===== GIVEN DATA =====

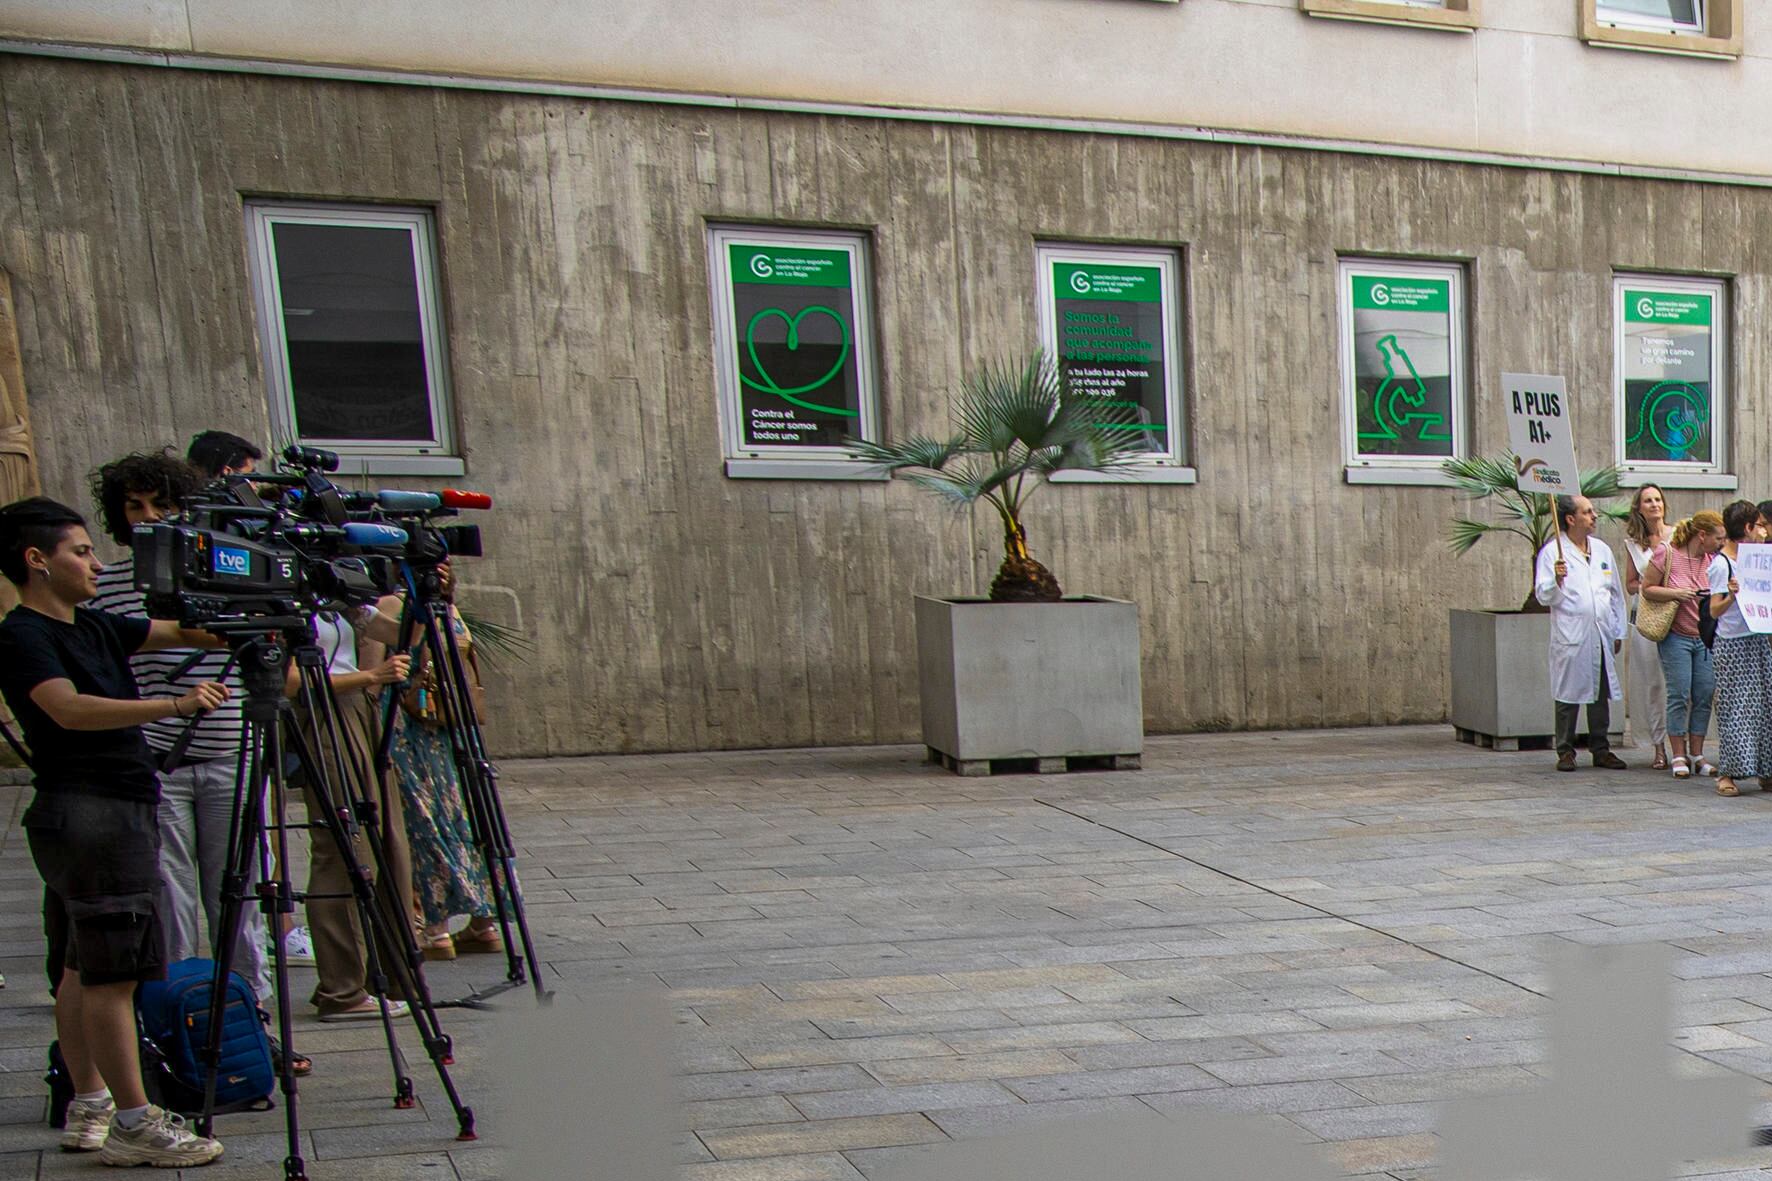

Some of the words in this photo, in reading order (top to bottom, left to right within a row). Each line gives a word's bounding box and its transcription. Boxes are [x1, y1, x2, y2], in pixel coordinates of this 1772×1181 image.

[1065, 311, 1104, 324] Somos
[1107, 313, 1120, 324] la
[1066, 326, 1133, 338] comunidad
[1066, 338, 1089, 349] que
[1076, 350, 1093, 361] las
[1096, 352, 1151, 364] personas
[1084, 368, 1102, 376] lado
[1102, 368, 1115, 376] las
[1126, 369, 1149, 378] horas
[1110, 379, 1126, 387] año
[1512, 390, 1523, 414] A
[1524, 392, 1561, 418] PLUS
[751, 409, 784, 418] Contra
[784, 410, 795, 419] el
[786, 422, 818, 430] somos
[1528, 420, 1552, 444] A1+
[752, 431, 780, 440] todos
[218, 550, 246, 572] tve
[281, 564, 292, 578] 5
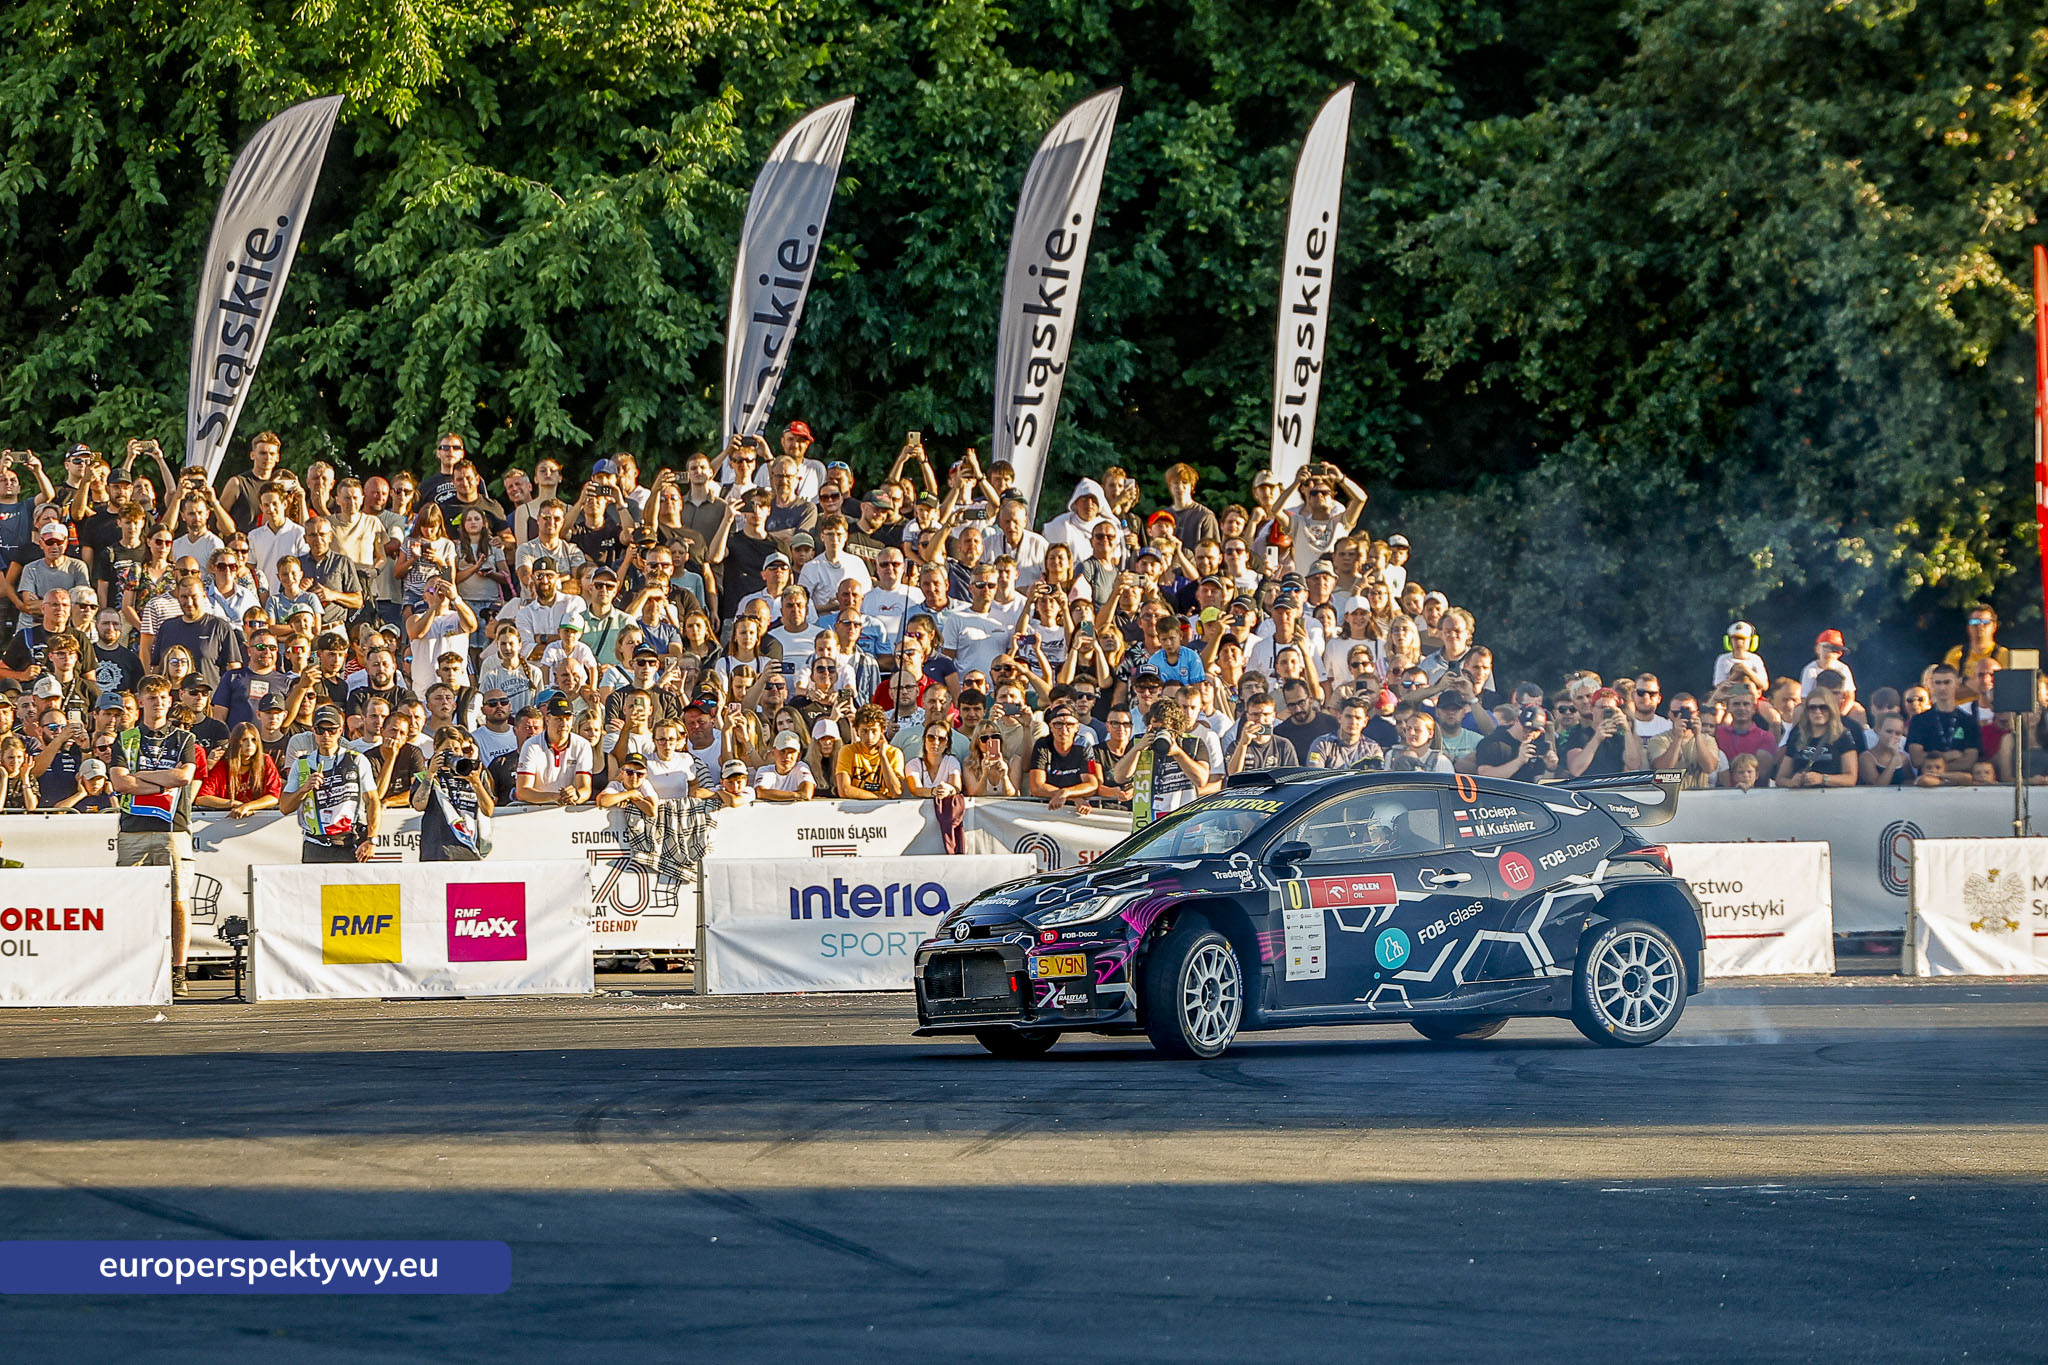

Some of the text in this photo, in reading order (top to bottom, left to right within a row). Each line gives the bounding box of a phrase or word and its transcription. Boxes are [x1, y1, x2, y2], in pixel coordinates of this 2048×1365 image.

[196, 214, 290, 448] Śląskie.
[1005, 212, 1083, 449] Śląskie.
[1277, 210, 1330, 448] Śląskie.
[490, 747, 510, 757] RALLY
[1135, 769, 1151, 804] 251
[1455, 773, 1479, 803] 0
[1207, 799, 1285, 813] CONTROL
[1468, 805, 1518, 820] T.Ociepa
[571, 831, 619, 844] STADION
[797, 824, 887, 843] STADION ŚLĄSKI
[1474, 820, 1537, 837] M.Kuśnierz
[393, 831, 421, 851] ŚLĄS
[1538, 836, 1601, 871] FOB-Decor
[1212, 867, 1252, 880] Tradepol
[1287, 880, 1303, 910] 0
[1351, 882, 1380, 891] ORLEN
[1353, 891, 1365, 899] OIL
[1691, 878, 1743, 894] rstwo
[789, 877, 951, 920] interia
[454, 908, 482, 918] RMF
[592, 905, 607, 917] AT
[1701, 898, 1785, 920] Turystyki
[0, 907, 104, 931] ORLEN
[331, 914, 393, 937] RMF
[592, 920, 639, 932] EGENDY
[1417, 900, 1484, 945] FOB-Glass
[820, 930, 928, 958] SPORT
[1061, 930, 1099, 940] FOB-Decor
[0, 939, 39, 957] OIL
[1038, 956, 1086, 975] S V9N
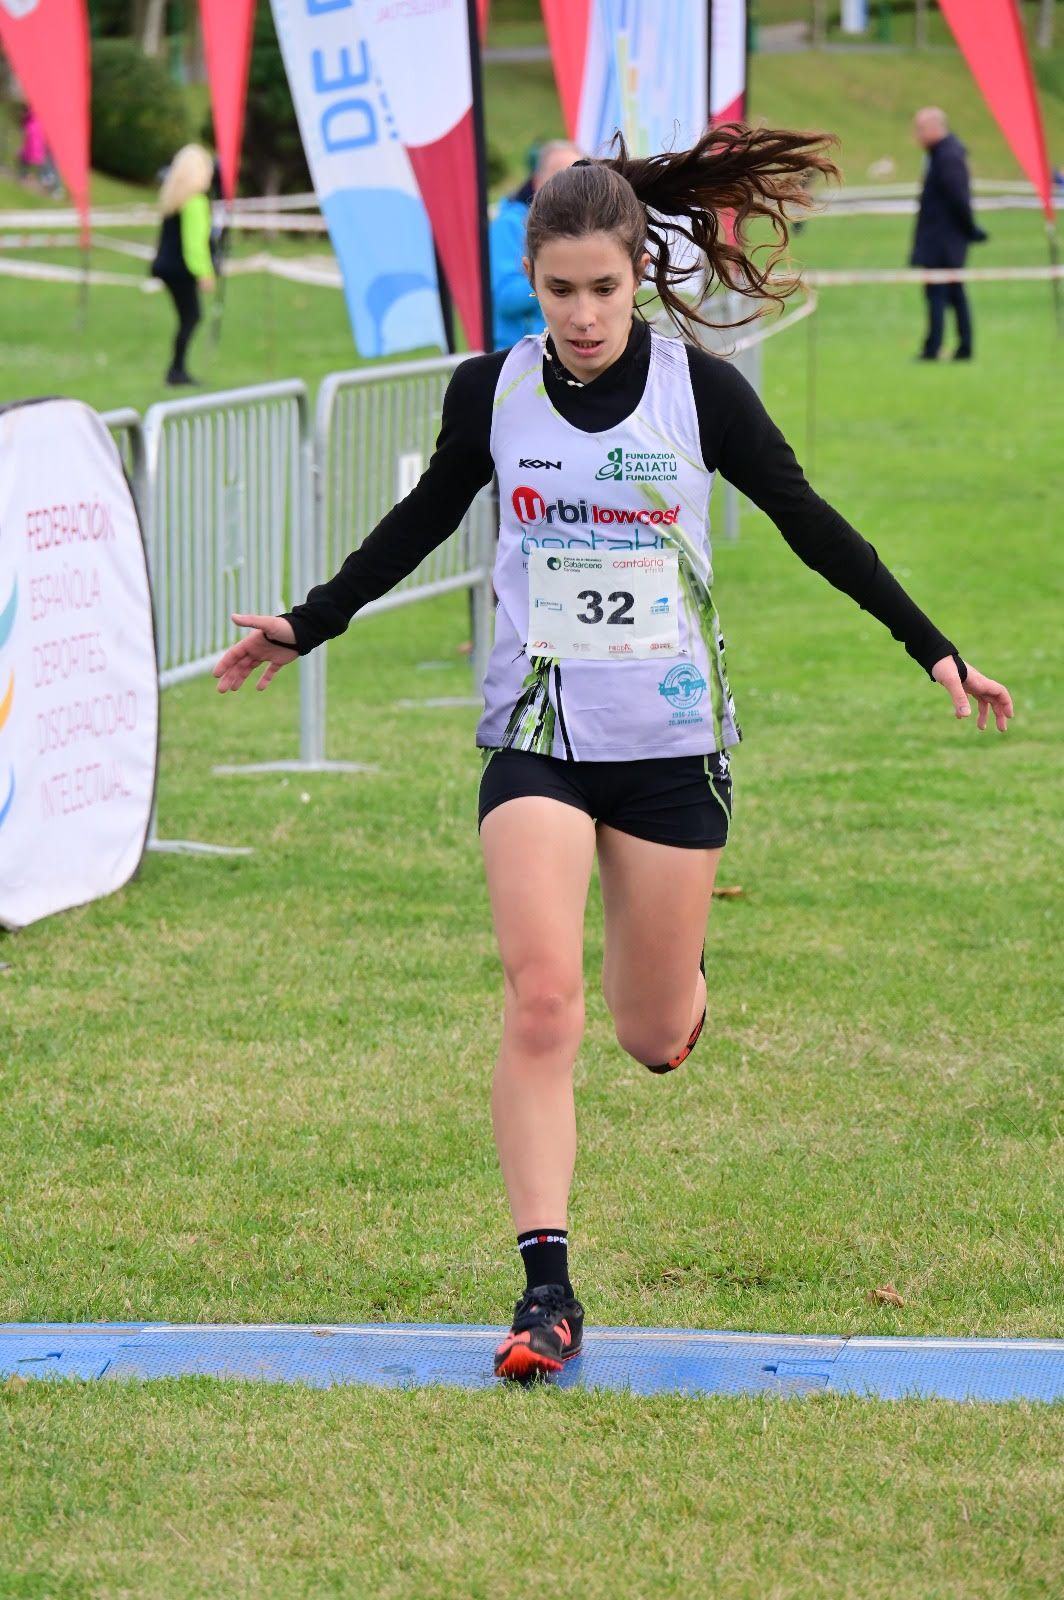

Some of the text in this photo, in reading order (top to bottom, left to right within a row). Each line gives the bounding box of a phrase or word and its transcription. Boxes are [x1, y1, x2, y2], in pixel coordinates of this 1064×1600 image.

=====

**WHAT THE TASK REQUIRES**.
For each entry, copy the text exactly and leave out any image it carries.

**EXERCISE RESPONSE**.
Some of the words in this photo, in reading order (top to bottom, left to right within a row). Each line gives a word's bounding box and its transcription. Boxes are [x1, y1, x2, y2], in pixel coordinates of this 1772×1181 image.

[1065, 311, 1104, 324] Somos
[1107, 313, 1120, 324] la
[1066, 326, 1133, 338] comunidad
[1066, 338, 1089, 349] que
[1076, 350, 1093, 361] las
[1096, 352, 1151, 364] personas
[1084, 368, 1102, 376] lado
[1102, 368, 1115, 376] las
[1126, 369, 1149, 378] horas
[1110, 379, 1126, 387] año
[1512, 390, 1523, 414] A
[1524, 392, 1561, 418] PLUS
[751, 409, 784, 418] Contra
[784, 410, 795, 419] el
[786, 422, 818, 430] somos
[1528, 420, 1552, 444] A1+
[752, 431, 780, 440] todos
[218, 550, 246, 572] tve
[281, 564, 292, 578] 5

Some of the text in this photo, in reading order (top to bottom, left to right within a row). Each line gives the bounding box of a phrase or word and its transcription. Boxes are [x1, y1, x2, y2], in pixel coordinates of this 2048×1365 image.

[196, 214, 290, 448] Śląskie.
[1005, 212, 1083, 449] Śląskie.
[1277, 210, 1330, 448] Śląskie.
[490, 747, 510, 757] RALLY
[1135, 769, 1151, 804] 251
[1455, 773, 1479, 803] 0
[1207, 799, 1285, 813] CONTROL
[1468, 805, 1518, 820] T.Ociepa
[571, 831, 619, 844] STADION
[797, 824, 887, 843] STADION ŚLĄSKI
[1474, 820, 1537, 837] M.Kuśnierz
[393, 831, 421, 851] ŚLĄS
[1538, 836, 1601, 871] FOB-Decor
[1212, 867, 1252, 880] Tradepol
[1287, 880, 1303, 910] 0
[1351, 882, 1380, 891] ORLEN
[1353, 891, 1365, 899] OIL
[1691, 878, 1743, 894] rstwo
[789, 877, 951, 920] interia
[454, 908, 482, 918] RMF
[592, 905, 607, 917] AT
[1701, 898, 1785, 920] Turystyki
[0, 907, 104, 931] ORLEN
[331, 914, 393, 937] RMF
[592, 920, 639, 932] EGENDY
[1417, 900, 1484, 945] FOB-Glass
[820, 930, 928, 958] SPORT
[1061, 930, 1099, 940] FOB-Decor
[0, 939, 39, 957] OIL
[1038, 956, 1086, 975] S V9N

Some of the text in this photo, in reading order (top to bottom, left to right within a row). Each line gives the bounding box of a phrase or word and its transcription. Boxes are [x1, y1, x2, y2], in pixel coordinates of this 1064×1600 image.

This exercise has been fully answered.